Among the entries that follow, find every line with the word "Pulles" and list it.
****************************************
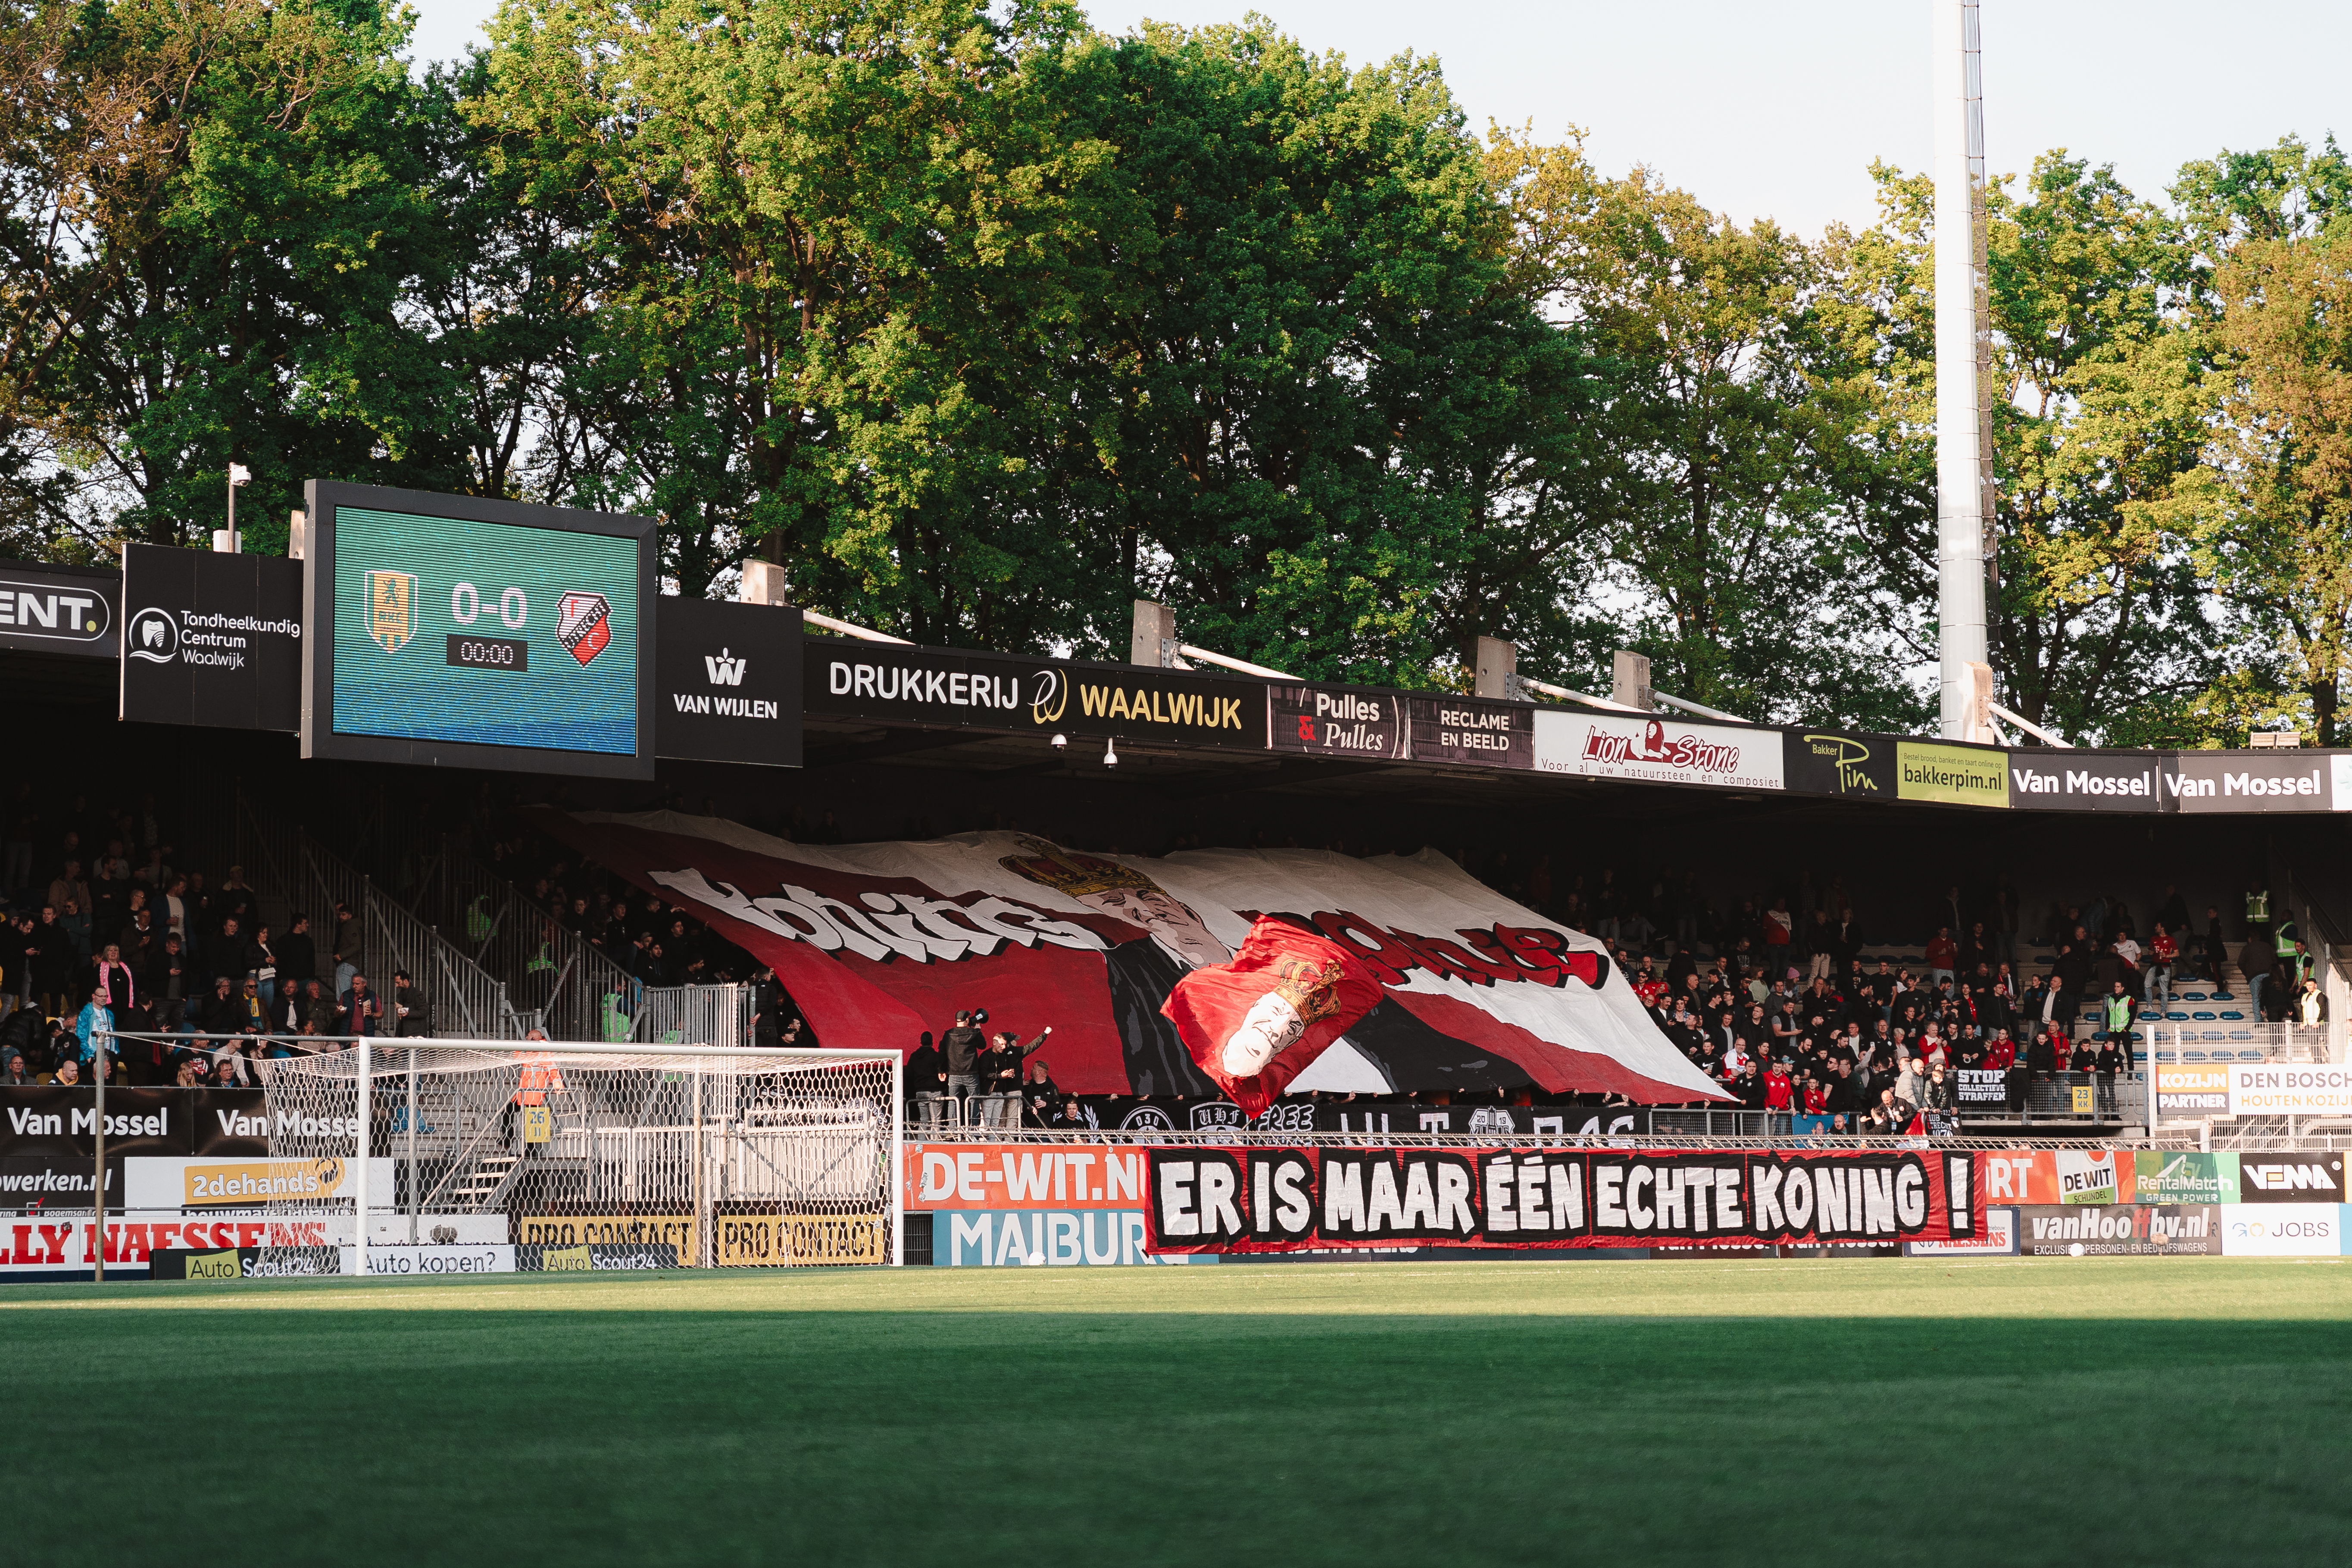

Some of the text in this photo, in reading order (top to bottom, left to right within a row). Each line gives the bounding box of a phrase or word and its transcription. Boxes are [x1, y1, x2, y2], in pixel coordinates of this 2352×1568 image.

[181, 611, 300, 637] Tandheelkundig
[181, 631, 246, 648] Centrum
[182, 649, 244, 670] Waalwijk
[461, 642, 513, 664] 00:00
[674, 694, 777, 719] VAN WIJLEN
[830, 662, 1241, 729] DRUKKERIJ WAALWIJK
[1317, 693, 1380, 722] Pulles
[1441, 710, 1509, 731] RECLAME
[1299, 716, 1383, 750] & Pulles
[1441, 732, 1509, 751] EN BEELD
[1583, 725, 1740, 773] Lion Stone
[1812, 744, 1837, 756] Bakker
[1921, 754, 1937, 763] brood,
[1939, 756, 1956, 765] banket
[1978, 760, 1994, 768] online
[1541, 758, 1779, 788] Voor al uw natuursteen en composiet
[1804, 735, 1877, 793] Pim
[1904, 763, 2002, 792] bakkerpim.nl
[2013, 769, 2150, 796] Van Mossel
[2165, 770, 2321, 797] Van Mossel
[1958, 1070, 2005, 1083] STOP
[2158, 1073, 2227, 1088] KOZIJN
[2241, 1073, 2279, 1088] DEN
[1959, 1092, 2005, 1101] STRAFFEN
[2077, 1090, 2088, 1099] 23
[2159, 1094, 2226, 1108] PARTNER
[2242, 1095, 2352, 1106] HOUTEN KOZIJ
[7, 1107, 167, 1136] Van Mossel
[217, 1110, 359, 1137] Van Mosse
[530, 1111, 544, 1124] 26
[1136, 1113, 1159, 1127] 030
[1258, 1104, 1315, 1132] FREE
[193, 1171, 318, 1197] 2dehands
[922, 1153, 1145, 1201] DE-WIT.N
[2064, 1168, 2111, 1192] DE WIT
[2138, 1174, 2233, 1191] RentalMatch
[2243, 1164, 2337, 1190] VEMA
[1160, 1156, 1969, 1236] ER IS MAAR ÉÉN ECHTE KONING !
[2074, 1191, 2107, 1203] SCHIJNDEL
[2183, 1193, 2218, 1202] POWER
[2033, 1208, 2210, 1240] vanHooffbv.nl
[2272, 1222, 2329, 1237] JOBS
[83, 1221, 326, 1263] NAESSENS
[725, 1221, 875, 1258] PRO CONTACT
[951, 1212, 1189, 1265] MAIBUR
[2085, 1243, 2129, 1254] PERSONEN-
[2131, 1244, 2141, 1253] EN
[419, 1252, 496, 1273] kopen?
****************************************
Expected answer
[1317, 693, 1380, 722] Pulles
[1299, 716, 1383, 750] & Pulles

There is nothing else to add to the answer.